Print the data exactly as written, but leave out each picture.
Top of Task input
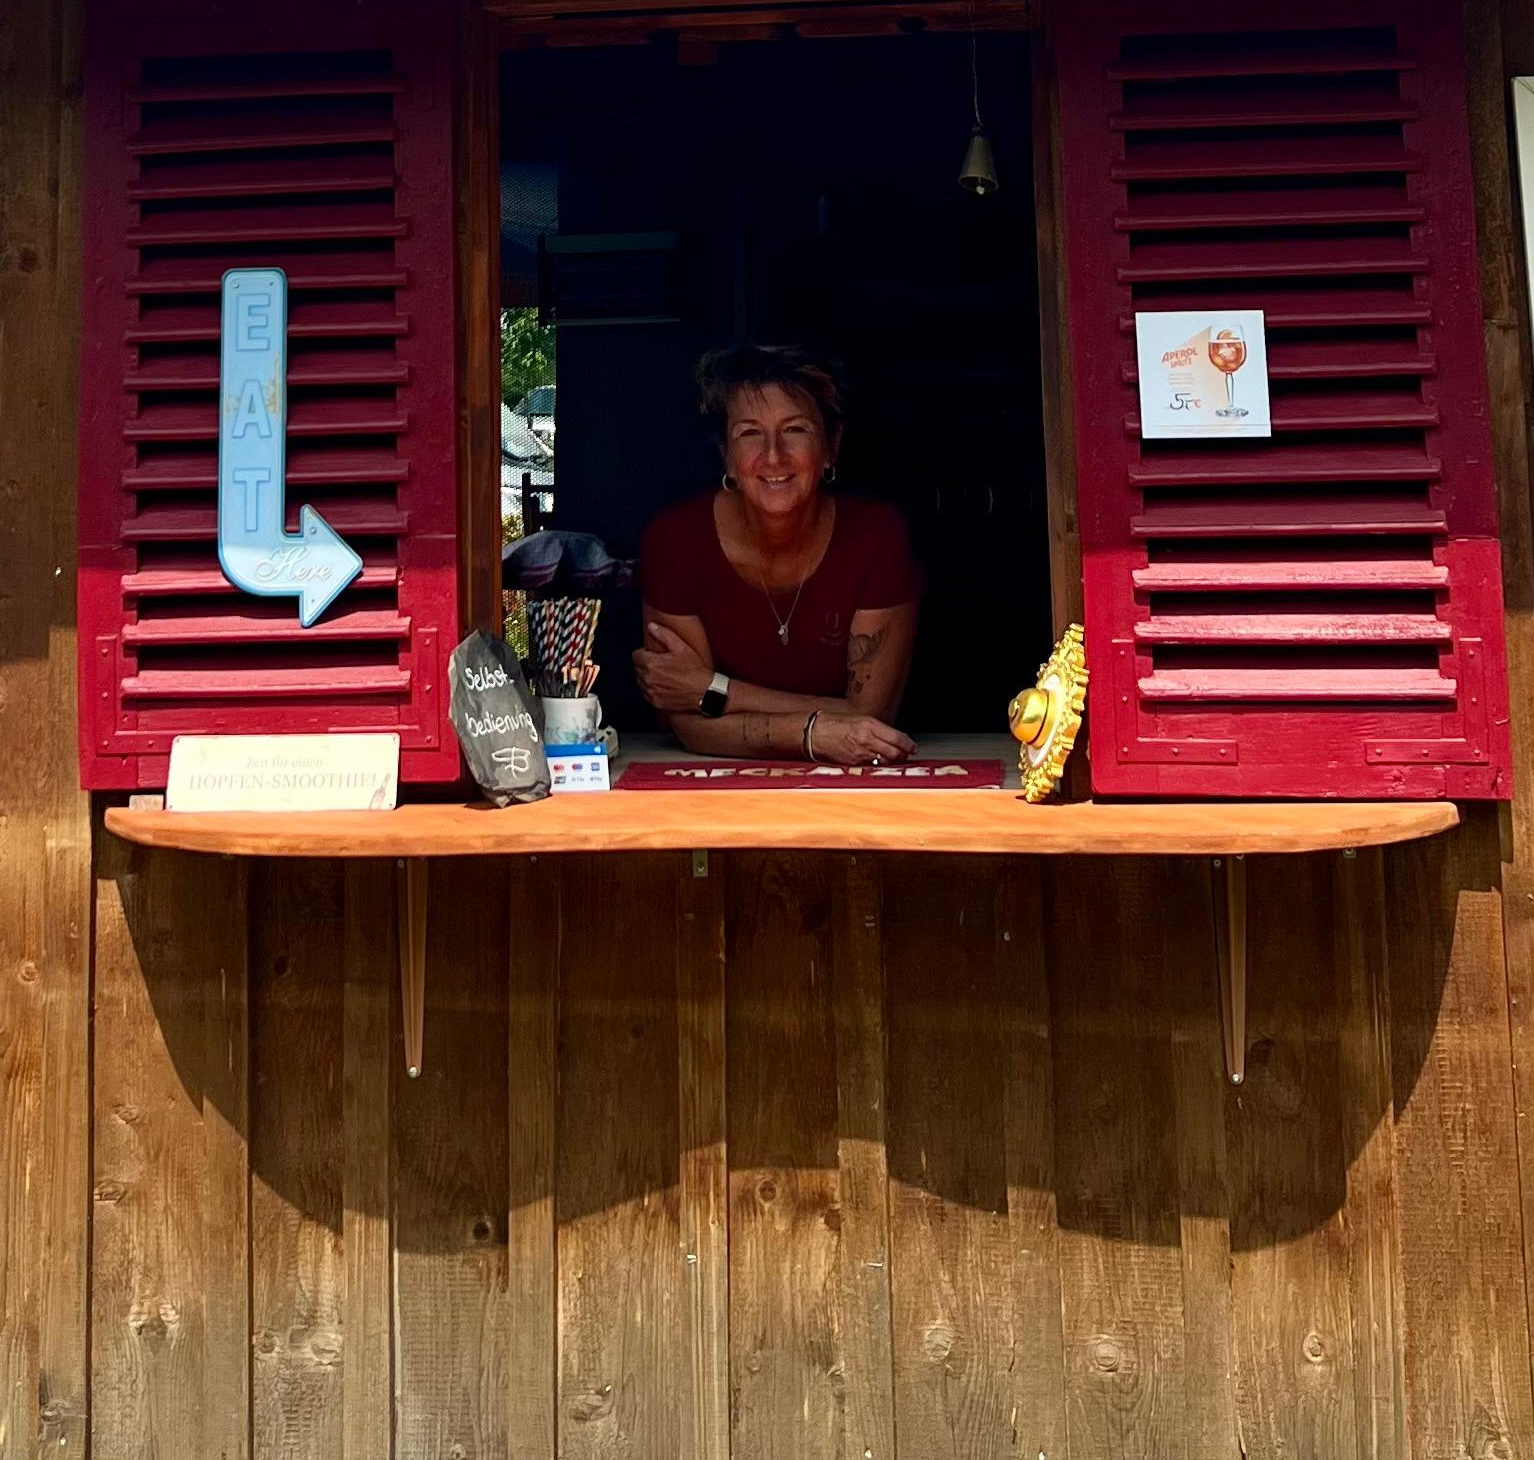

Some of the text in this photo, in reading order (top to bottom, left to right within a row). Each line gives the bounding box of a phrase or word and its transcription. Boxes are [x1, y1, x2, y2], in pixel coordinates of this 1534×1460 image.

[232, 293, 273, 533] EAT
[256, 545, 333, 581] Here
[465, 710, 539, 742] bedienung
[245, 755, 269, 769] Zeit
[271, 754, 289, 769] für
Bottom of Task input
**Answer space**
Some of the text in this photo, in reading order (top to bottom, left to right within a row). Each line gives the bounding box of a phrase or word and its transcription. Boxes are [x1, y1, x2, y2], in pixel coordinates of this 1534×1460 image.

[232, 293, 273, 533] EAT
[256, 545, 333, 581] Here
[465, 710, 539, 742] bedienung
[245, 755, 269, 769] Zeit
[271, 754, 289, 769] für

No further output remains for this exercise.